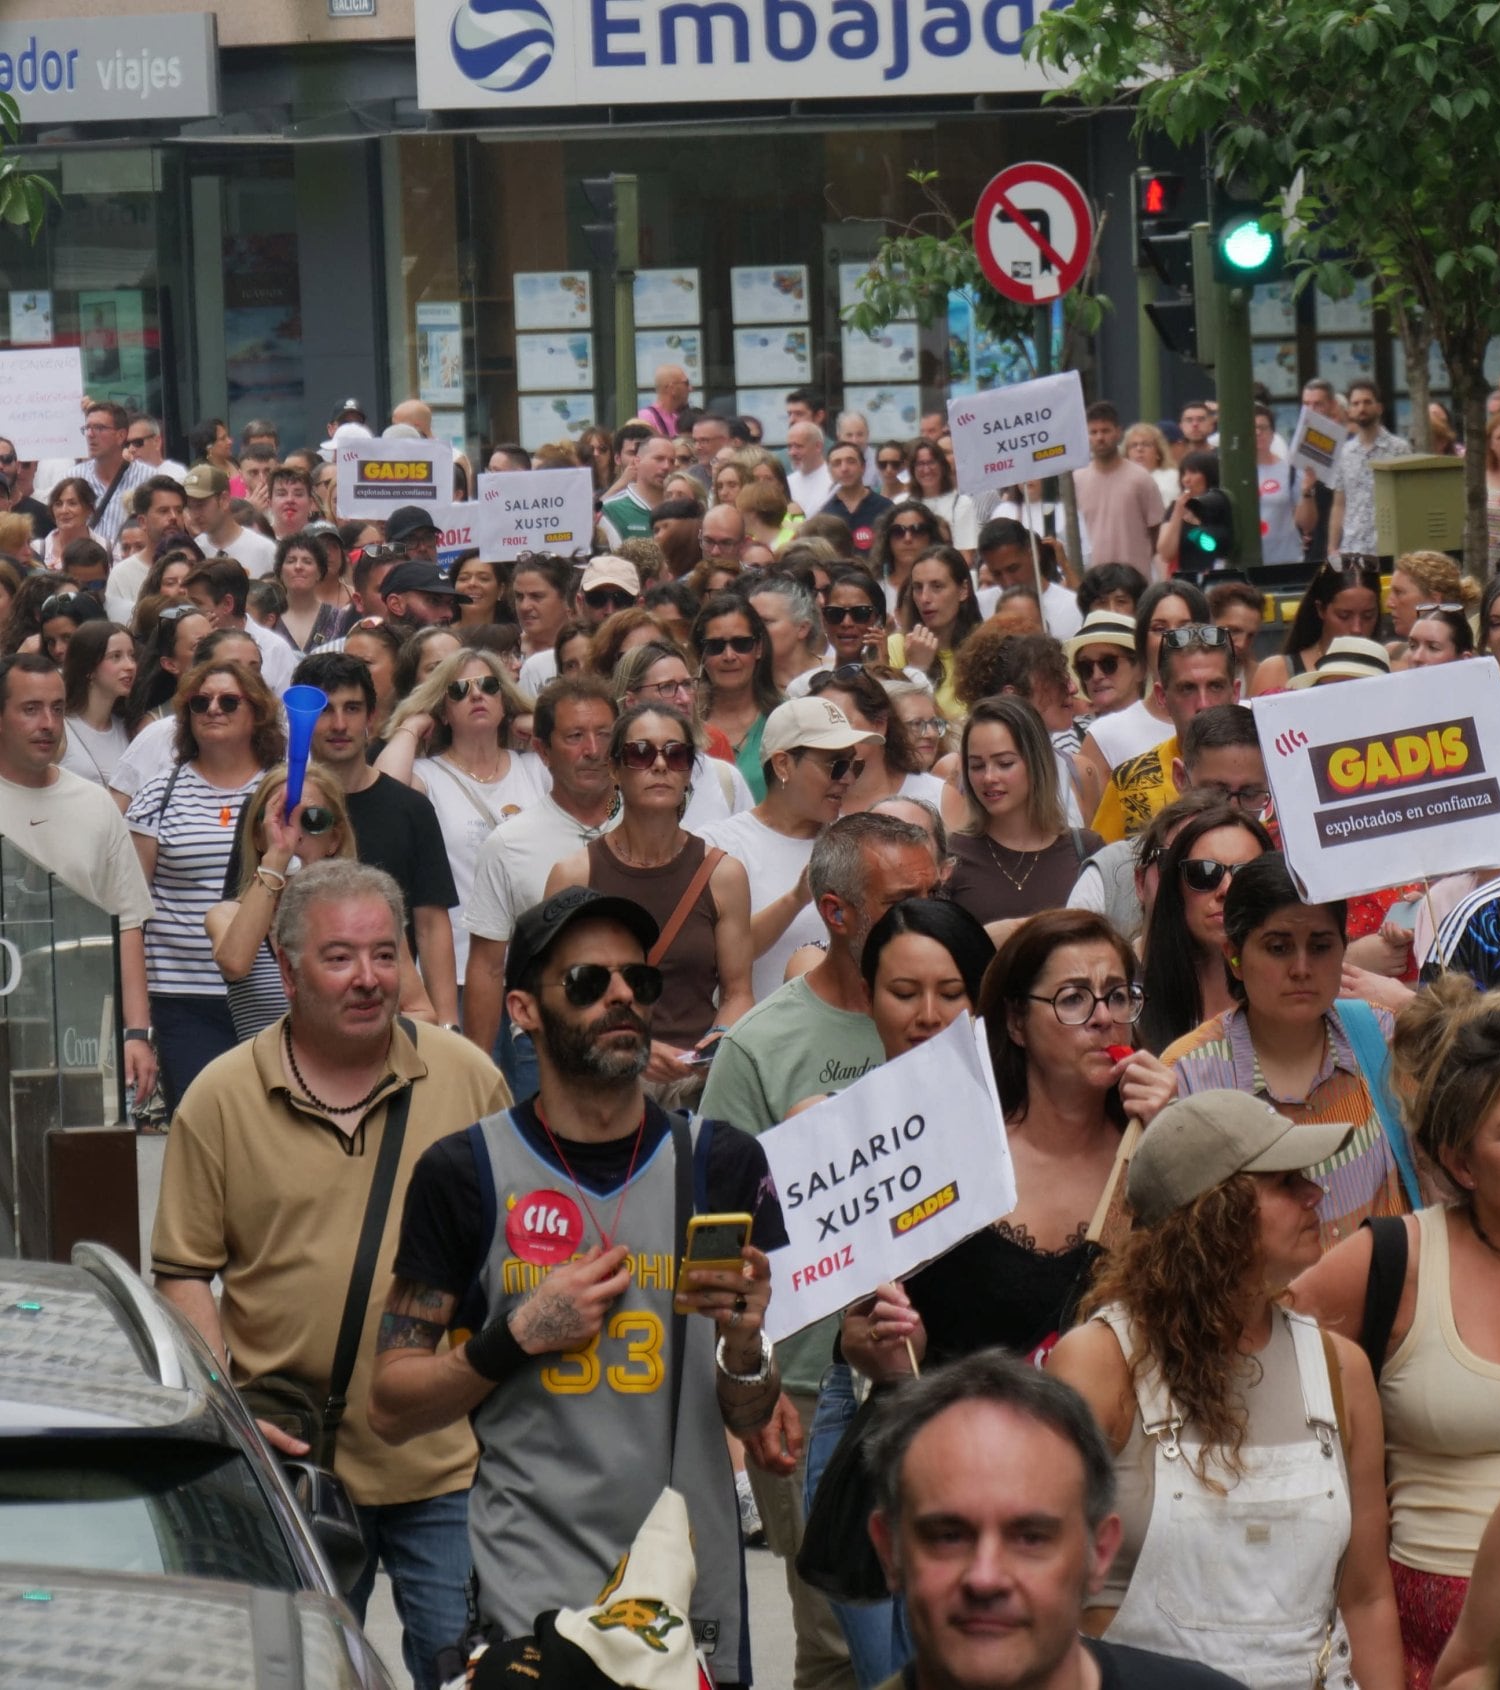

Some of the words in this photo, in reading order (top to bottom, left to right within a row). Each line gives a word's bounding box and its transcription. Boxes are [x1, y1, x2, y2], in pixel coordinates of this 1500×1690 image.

[591, 0, 1076, 80] Embajad
[97, 50, 181, 98] viajes
[983, 408, 1052, 435] SALARIO
[997, 431, 1049, 454] XUSTO
[364, 462, 428, 481] GADIS
[984, 459, 1015, 474] FROIZ
[504, 497, 564, 512] SALARIO
[515, 516, 560, 530] XUSTO
[435, 527, 471, 547] ROIZ
[502, 536, 528, 547] FROIZ
[1327, 727, 1469, 794] GADIS
[1325, 809, 1402, 836] explotados
[1407, 805, 1424, 819] en
[1426, 792, 1492, 816] confianza
[64, 1027, 99, 1066] Com
[786, 1114, 925, 1209] SALARIO
[816, 1165, 922, 1242] XUSTO
[791, 1245, 854, 1292] FROIZ
[896, 1185, 956, 1233] GADIS
[541, 1311, 665, 1394] 33
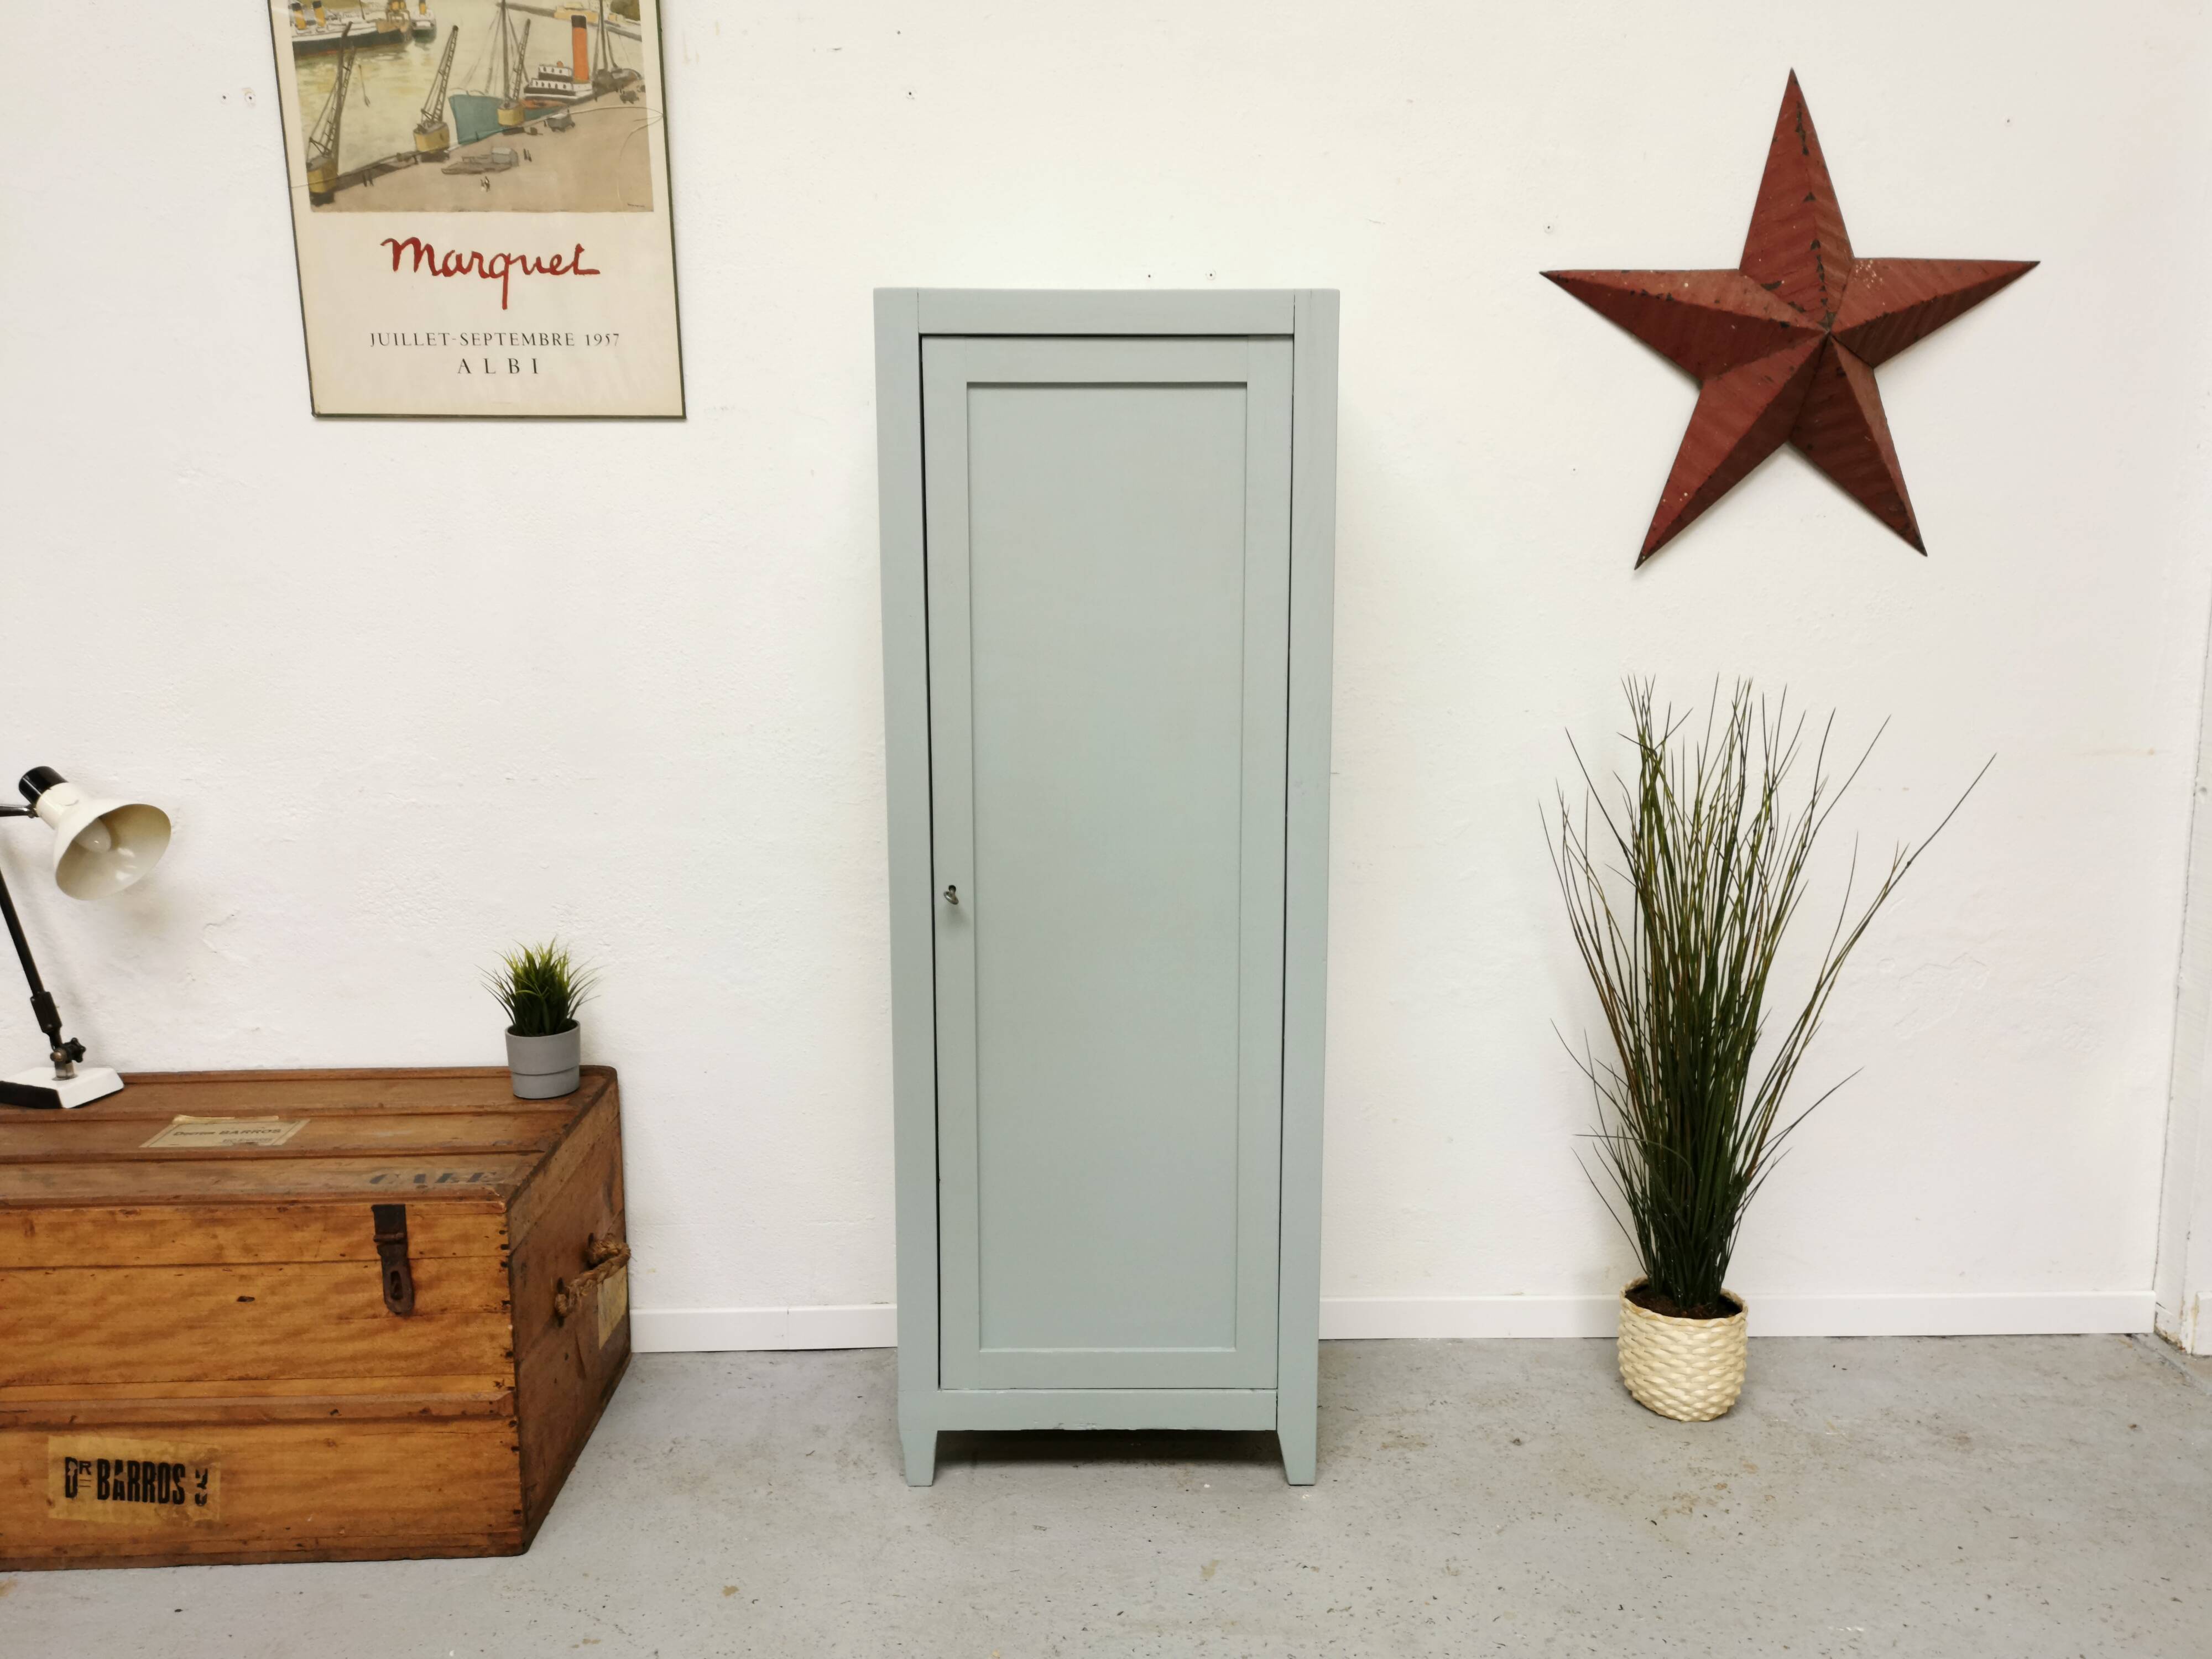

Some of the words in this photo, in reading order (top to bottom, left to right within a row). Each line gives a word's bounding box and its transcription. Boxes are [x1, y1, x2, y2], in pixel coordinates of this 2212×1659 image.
-*-
A word-for-word copy of the entries above is needed, with every picture dropped.

Some of the words in this photo, in reading order (top to bottom, left to right within a row). Each line gives a word's bounding box and its transcription. Boxes are [x1, y1, x2, y2], in pixel coordinates of this 1500×1690 image.

[591, 0, 1076, 80] Embajad
[97, 50, 181, 98] viajes
[983, 408, 1052, 435] SALARIO
[997, 431, 1049, 454] XUSTO
[364, 462, 428, 481] GADIS
[984, 459, 1015, 474] FROIZ
[504, 497, 564, 512] SALARIO
[515, 516, 560, 530] XUSTO
[435, 527, 471, 547] ROIZ
[502, 536, 528, 547] FROIZ
[1327, 727, 1469, 794] GADIS
[1325, 809, 1402, 836] explotados
[1407, 805, 1424, 819] en
[1426, 792, 1492, 816] confianza
[64, 1027, 99, 1066] Com
[786, 1114, 925, 1209] SALARIO
[816, 1165, 922, 1242] XUSTO
[791, 1245, 854, 1292] FROIZ
[896, 1185, 956, 1233] GADIS
[541, 1311, 665, 1394] 33

Some of the words in this photo, in reading order (top to bottom, left to right within a row). Each line gives a word's bounding box and its transcription. Boxes are [x1, y1, x2, y2], in pixel coordinates of this 2212×1659 image.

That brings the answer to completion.